WORK REQUEST
The data below should be restated word for word, pictures omitted.

MATERIAL TO PROCESS
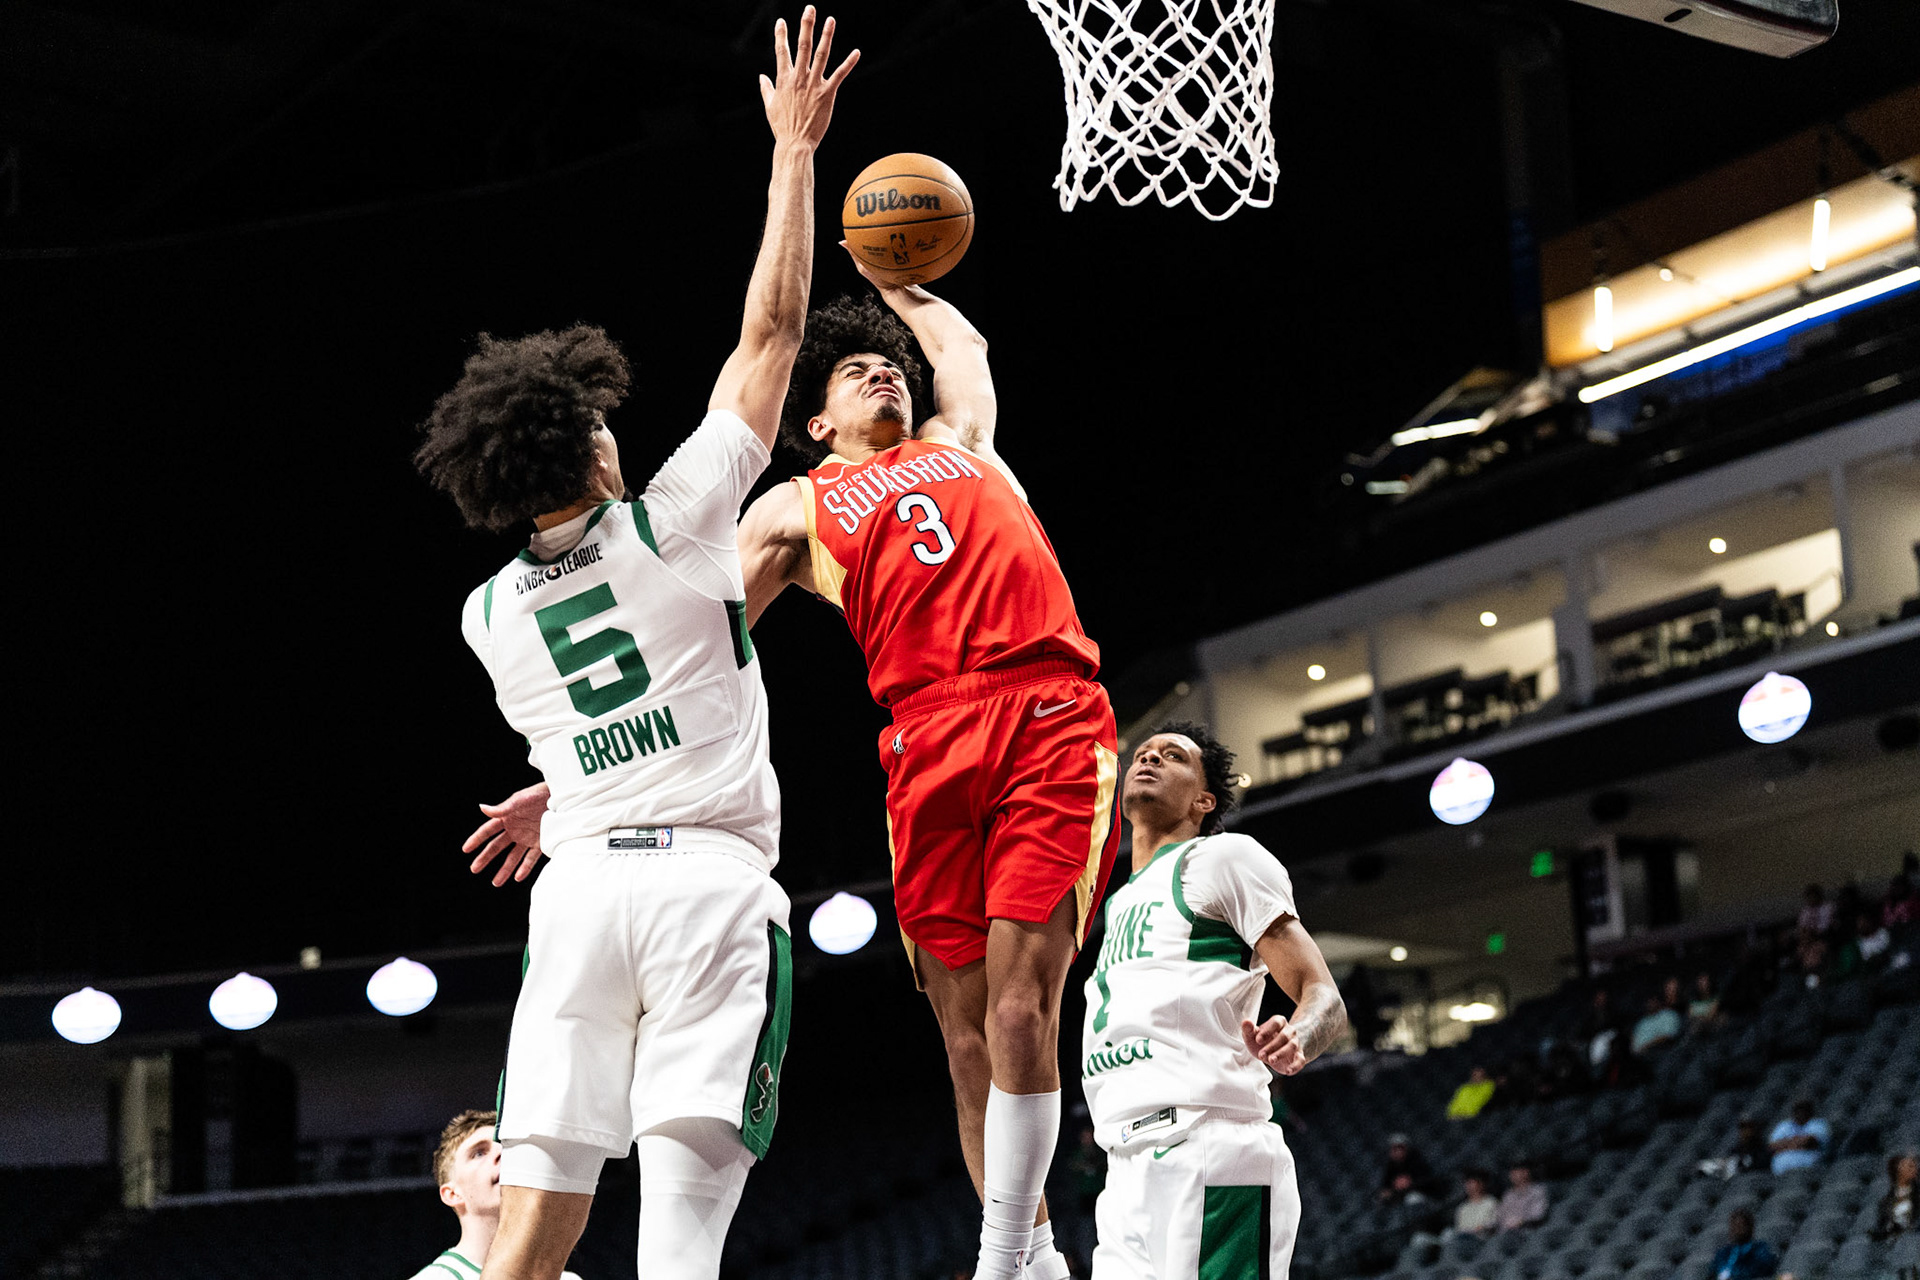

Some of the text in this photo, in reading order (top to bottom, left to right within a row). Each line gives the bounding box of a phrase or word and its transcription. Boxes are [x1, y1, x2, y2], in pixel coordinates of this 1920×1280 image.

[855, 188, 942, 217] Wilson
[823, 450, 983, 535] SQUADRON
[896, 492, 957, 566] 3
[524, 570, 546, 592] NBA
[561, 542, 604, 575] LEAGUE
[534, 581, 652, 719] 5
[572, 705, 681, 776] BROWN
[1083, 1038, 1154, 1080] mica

ANSWER FOR THE TASK
Some of the text in this photo, in reading order (top to bottom, left to right within a row). Each line gives the bounding box of a phrase or word and its transcription. Boxes are [x1, y1, x2, y2], in pixel coordinates of this 1920×1280 image.

[855, 188, 942, 217] Wilson
[823, 450, 983, 535] SQUADRON
[896, 492, 957, 566] 3
[524, 570, 546, 592] NBA
[561, 542, 604, 575] LEAGUE
[534, 581, 652, 719] 5
[572, 705, 681, 776] BROWN
[1083, 1038, 1154, 1080] mica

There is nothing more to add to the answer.